Ella aturdida por la caída solo observa de cerca los ojos de Kanon que empiezan a verse algo molestos.

Li: Bueno, yo… ¡Ese estúpido árbol me tumbó!

Kanon: Me refiero a lo que haces en este lugar ¿Estuviste siguiéndome? ¿Eres una acosadora o algo así?

Li: Yo no te estoy acosando ¡Ya quisieras! Tengo mejores gustos.

Kanon: Pues yo te veo muy cómoda encima de mi.

Ella apenada cae en la cuenta de que es verdad y se levanta rápidamente.

Li: Perdón.

Kanon: Si, como sea. Pudiste haberme matado, si que pesas.

Li: Ya dije que lo lamento. Me quede dormida y me caí.

Kanon: Bien, pues ahora déjame seguir durmiendo que aún falta para que amanezca -dice aún bajo los efectos del alcohol-.

Él se acomoda de nuevo en su bolsa de dormir, mientras ella se sienta debajo del árbol más cercano. Aunque quiere disimular, pronto empieza a temblar por el frío de la noche, ya que su vestido, aunque de manga larga, es corto y no la protege demasiado del clima del bosque. Kanon a pesar de estar molesto de que lo haya seguido hasta allí, se de cuenta de esto y suspira fastidiado.

Kanon: ¿Que no vienes preparada para dormir a la intemperie?

Li: Solo traía algo de comida, buscaba mesones en las aldeas para pasar la noche.

El peliazul abre la bolsa de dormir y hace un gesto con su cabeza.

Kanon: Vamos, entra. Antes que me arrepienta, pequeña acosadora.

Li: No necesito que me hagas favores, gracias. Además no se que mañas tengas.

Kanon: ¡Que entres te dije!

Li se acerca a regañadientes y se mete a la bolsa de dormir, dándole la espalda.

Li: Ni se te ocurra pasarte de listo ¿me oíste?

Kanon: Como si tuvieras tanta suerte -dice volteándose al lado opuesto- no creas que porqué estoy algo tomado puedes aprovecharte.

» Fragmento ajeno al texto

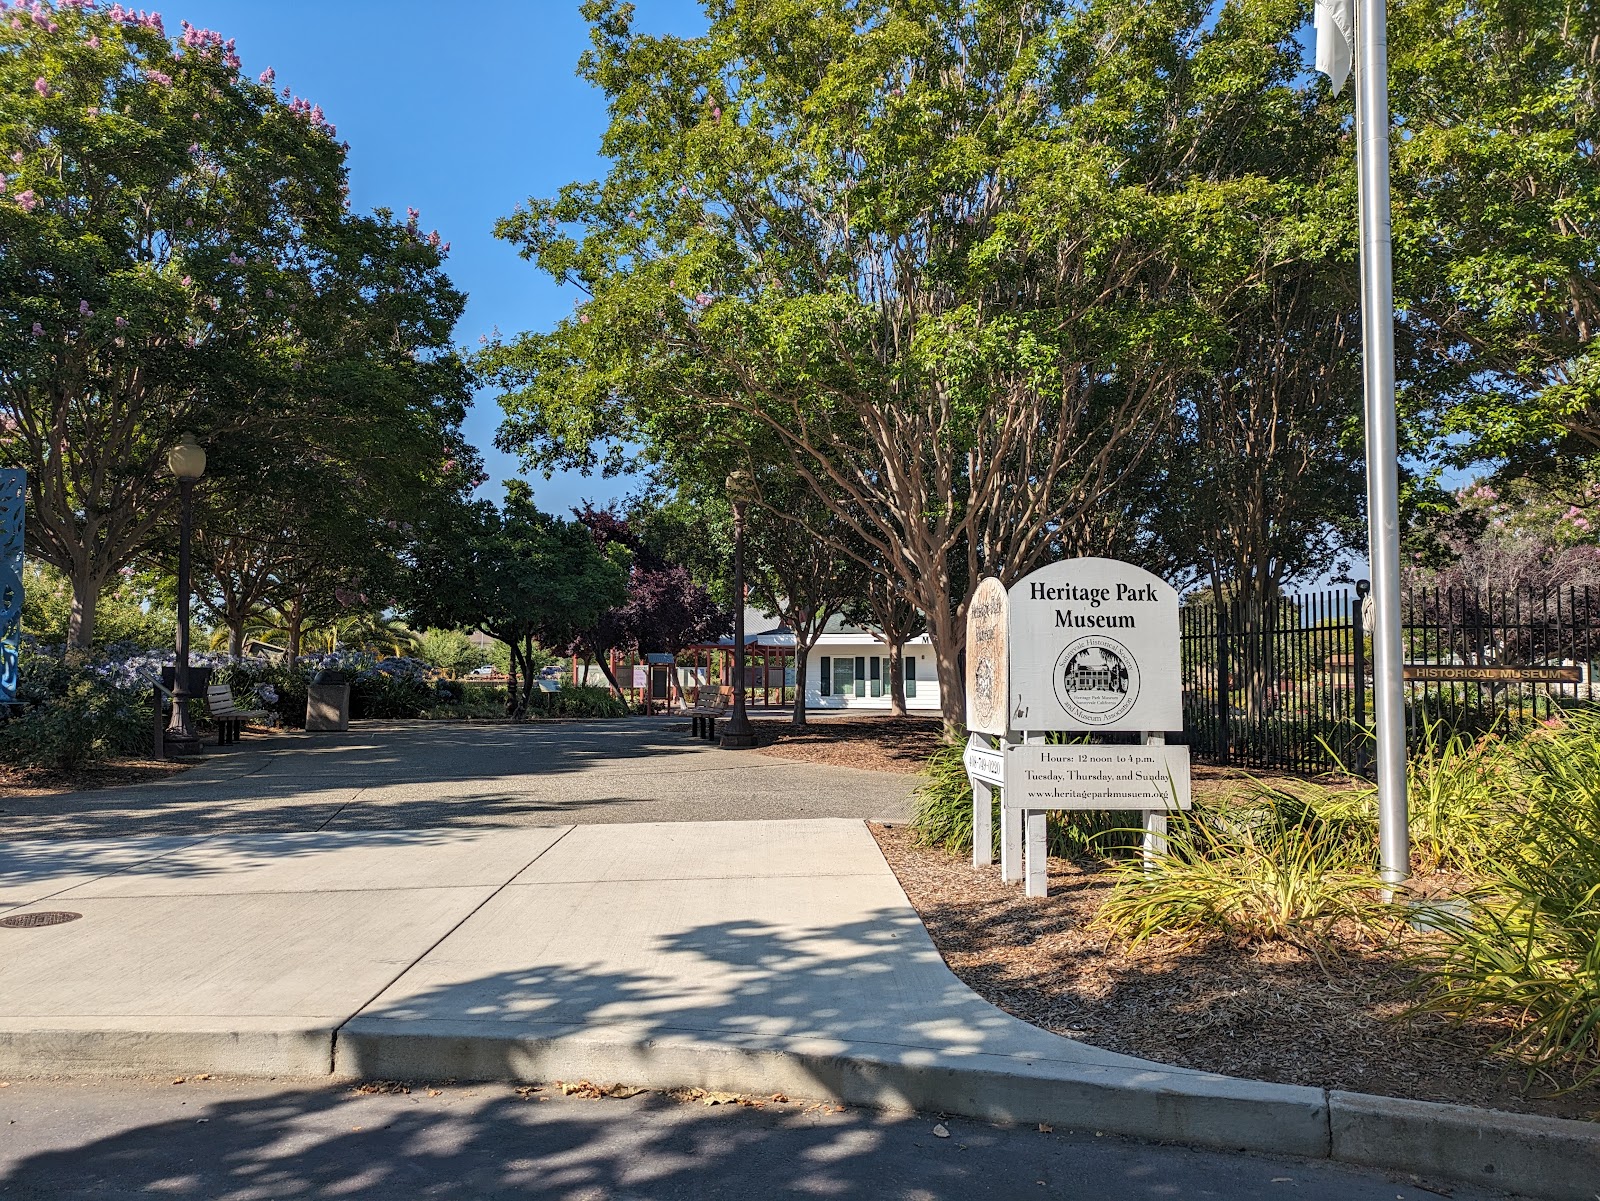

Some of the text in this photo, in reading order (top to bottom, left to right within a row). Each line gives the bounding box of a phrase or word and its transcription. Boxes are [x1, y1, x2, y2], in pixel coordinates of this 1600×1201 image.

[1030, 582, 1159, 608] Heritage Park
[1055, 609, 1136, 628] Museum
[1059, 639, 1134, 671] Sunnyvale Historical Society
[1416, 668, 1561, 679] HISTORICAL MUSEUM
[1064, 697, 1133, 722] and Museum Association
[1041, 752, 1074, 763] Hours:
[1078, 754, 1088, 763] 12
[1116, 755, 1126, 763] to
[1128, 754, 1133, 763] 4
[1135, 756, 1155, 765] p.m.
[1024, 769, 1169, 782] Tuesday, Thursday, and Sunday

La mañana llegó, Kanon abrió los ojos sintiéndose relajado, pero esto cambio cuando se dio cuenta que abrazaba a la chica, e incluso le tocaba la pierna. "debió ser el frió nocturno" pensó, apresurándose a separarse de ella, que afortunadamente aún dormía. Aunque intentó salir de la bolsa de dormir con cuidado, ella despertó.

Li: Buen día.

Kanon: Si… -dice fríamente intentando olvidar su desliz- Iré a darme un baño al lago que está acá atrás.

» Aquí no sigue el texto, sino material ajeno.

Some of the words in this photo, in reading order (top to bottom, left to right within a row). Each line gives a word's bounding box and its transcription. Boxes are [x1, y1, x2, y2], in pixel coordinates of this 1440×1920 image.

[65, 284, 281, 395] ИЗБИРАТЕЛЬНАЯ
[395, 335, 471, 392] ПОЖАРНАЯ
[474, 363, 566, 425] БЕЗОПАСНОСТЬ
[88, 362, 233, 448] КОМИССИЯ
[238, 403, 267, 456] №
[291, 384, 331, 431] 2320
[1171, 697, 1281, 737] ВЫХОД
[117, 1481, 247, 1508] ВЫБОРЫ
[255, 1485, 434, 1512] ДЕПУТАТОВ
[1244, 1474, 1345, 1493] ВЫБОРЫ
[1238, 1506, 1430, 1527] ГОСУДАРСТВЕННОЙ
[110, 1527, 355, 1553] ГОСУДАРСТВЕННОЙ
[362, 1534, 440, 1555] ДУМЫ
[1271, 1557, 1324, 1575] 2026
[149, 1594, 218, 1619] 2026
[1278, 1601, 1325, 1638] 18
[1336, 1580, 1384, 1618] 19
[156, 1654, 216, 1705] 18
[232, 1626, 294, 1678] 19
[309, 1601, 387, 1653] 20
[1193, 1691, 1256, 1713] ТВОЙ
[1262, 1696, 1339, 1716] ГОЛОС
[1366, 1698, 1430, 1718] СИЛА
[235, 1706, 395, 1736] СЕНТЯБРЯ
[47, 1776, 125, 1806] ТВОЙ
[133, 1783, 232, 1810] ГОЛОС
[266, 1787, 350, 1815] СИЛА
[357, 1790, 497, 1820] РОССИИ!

Li: Claro ¿Tienes algo de comer?

Kanon: No, no esperaba invitados ¿Por qué no vas a cazar algo?

Li: ¿Cazar? ¿Quieres que mate a un indefenso animal y lo desolle con mis propias manos?

Kanon: ¿Que clase de santo no sabe cazar su propia comida? ¿Quieres que haga todo por ti, princesa?

Li: No es eso. Solo no me gusta ver sufrir a los animales. Esperaba tuvieras algo contigo o poder comprar comida en algún lugar.

Kanon: Pues si así piensas no sobrevivirás mucho.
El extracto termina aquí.